But Ed Wood had none of these luxuries. He had not money, nor time, nor good scripts. Neither was he blessed with talent or ingenuity. Resourcefulness, sure; gumption, yeah, some. But mostly what he had was a deep and nearly unparalleled love of movies. It was a miracle that any of his movies got made and saw the light of day. I sincerely believe Wood deserves a pat on the back just for not giving up, for sticking with it and not only convincing financiers of his vision but seeing that vision through to the end. More than once.

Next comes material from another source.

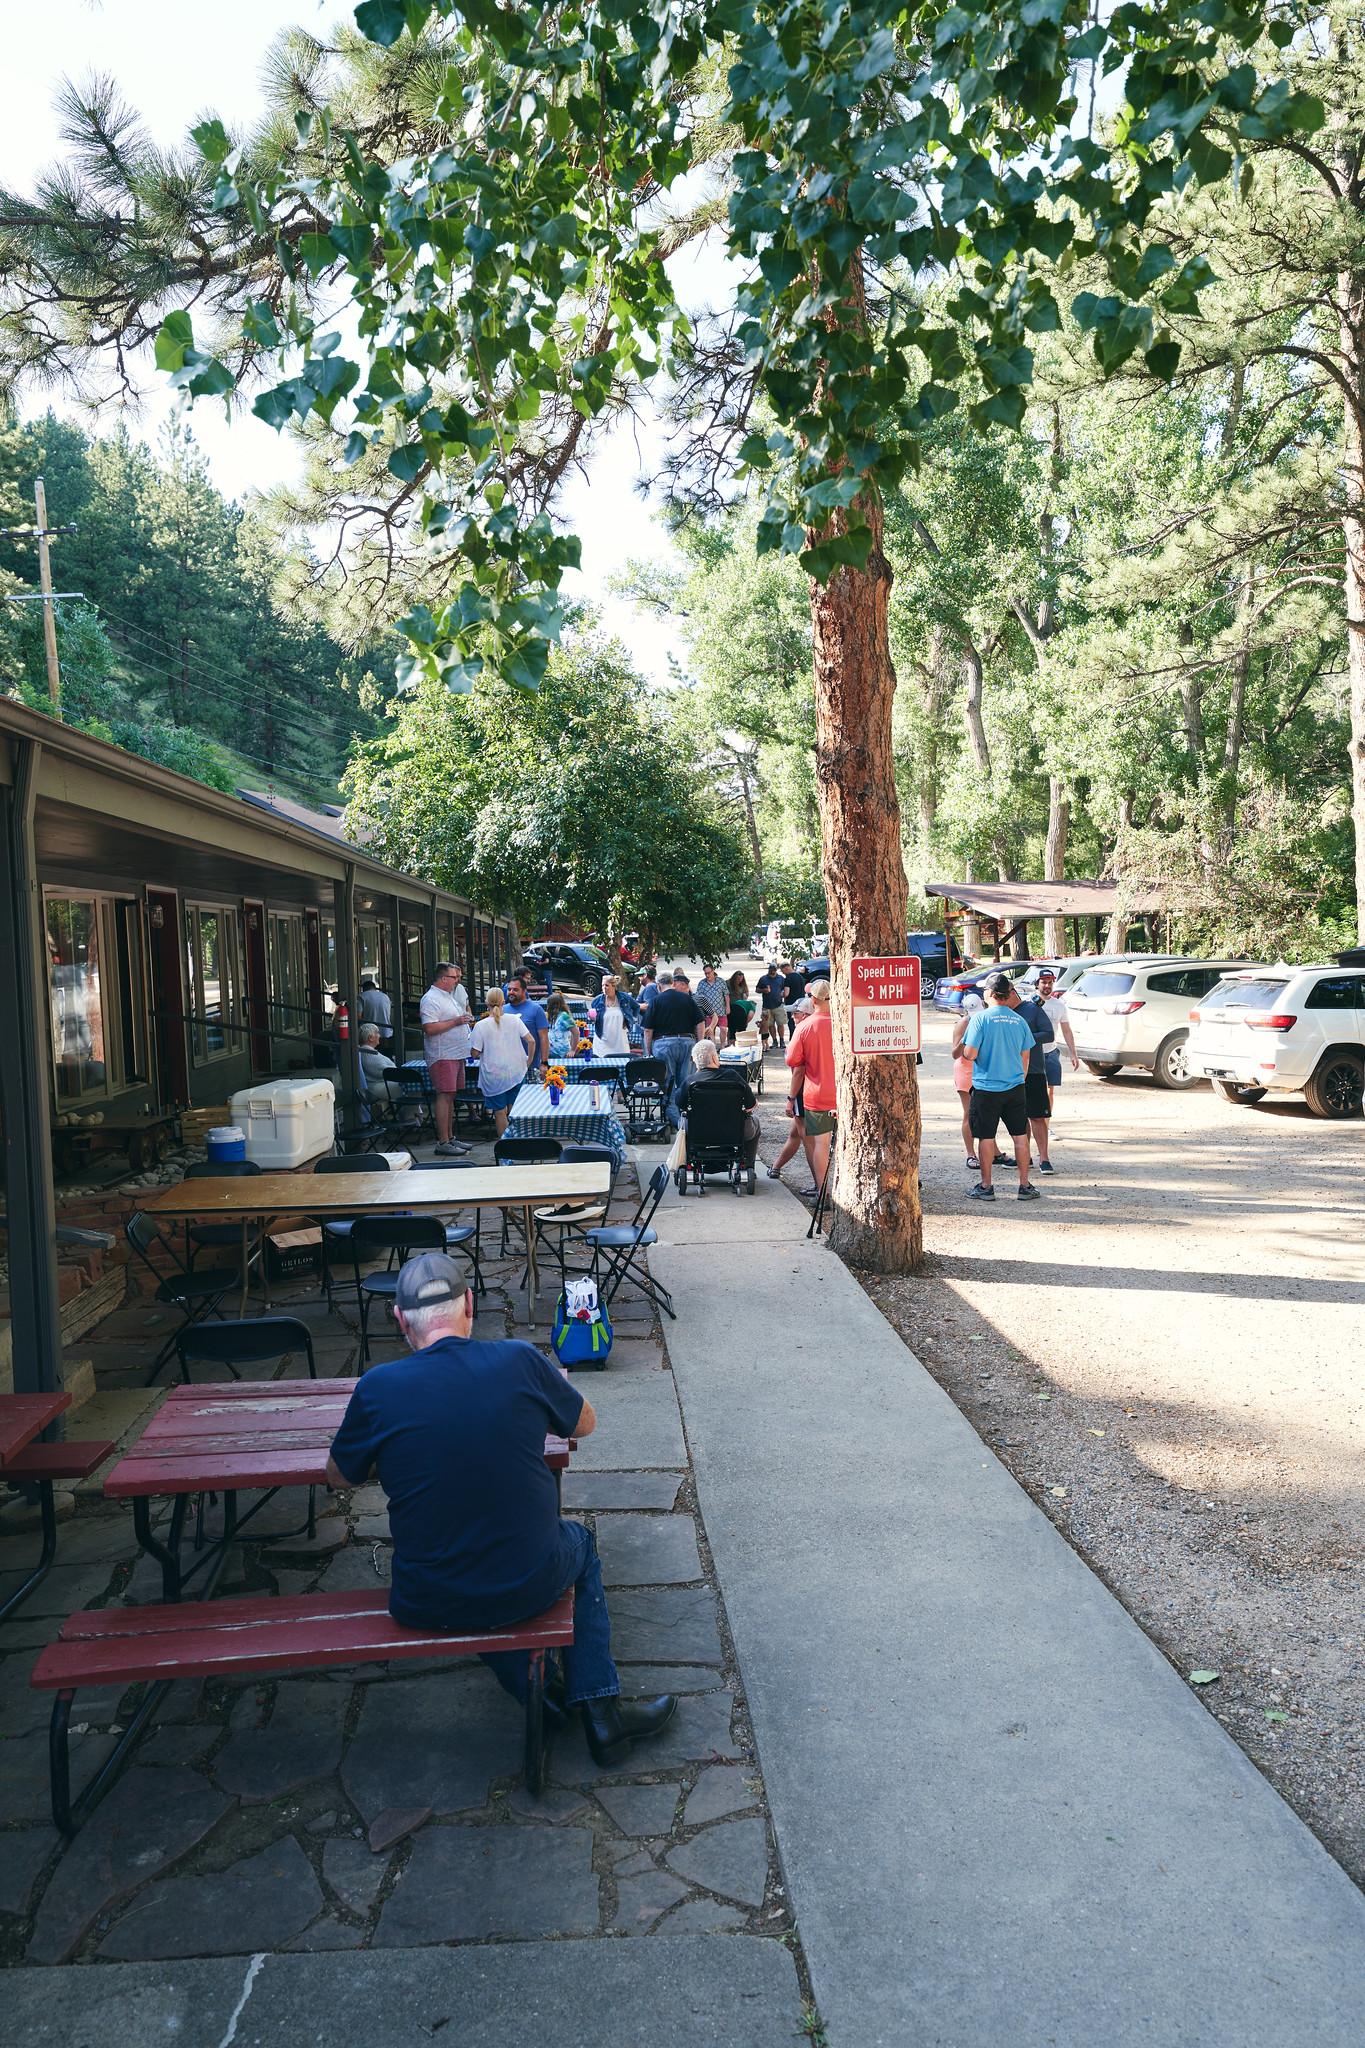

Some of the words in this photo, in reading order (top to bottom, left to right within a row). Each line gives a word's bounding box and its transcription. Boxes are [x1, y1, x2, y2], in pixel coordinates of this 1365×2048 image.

I am not offering up a serving of revisionist history. Ed Wood’s movies are bad. Stinkers. Personally, I don’t even think they’re so bad they’re good; they’re just plain bad. But when you know his story and understand his passion, so brilliantly conceptualized in Tim Burton’s “Ed Wood,” his movies become…aw, hell, they’re still turkeys. But you come to appreciate Ed Wood’s infectious enthusiasm.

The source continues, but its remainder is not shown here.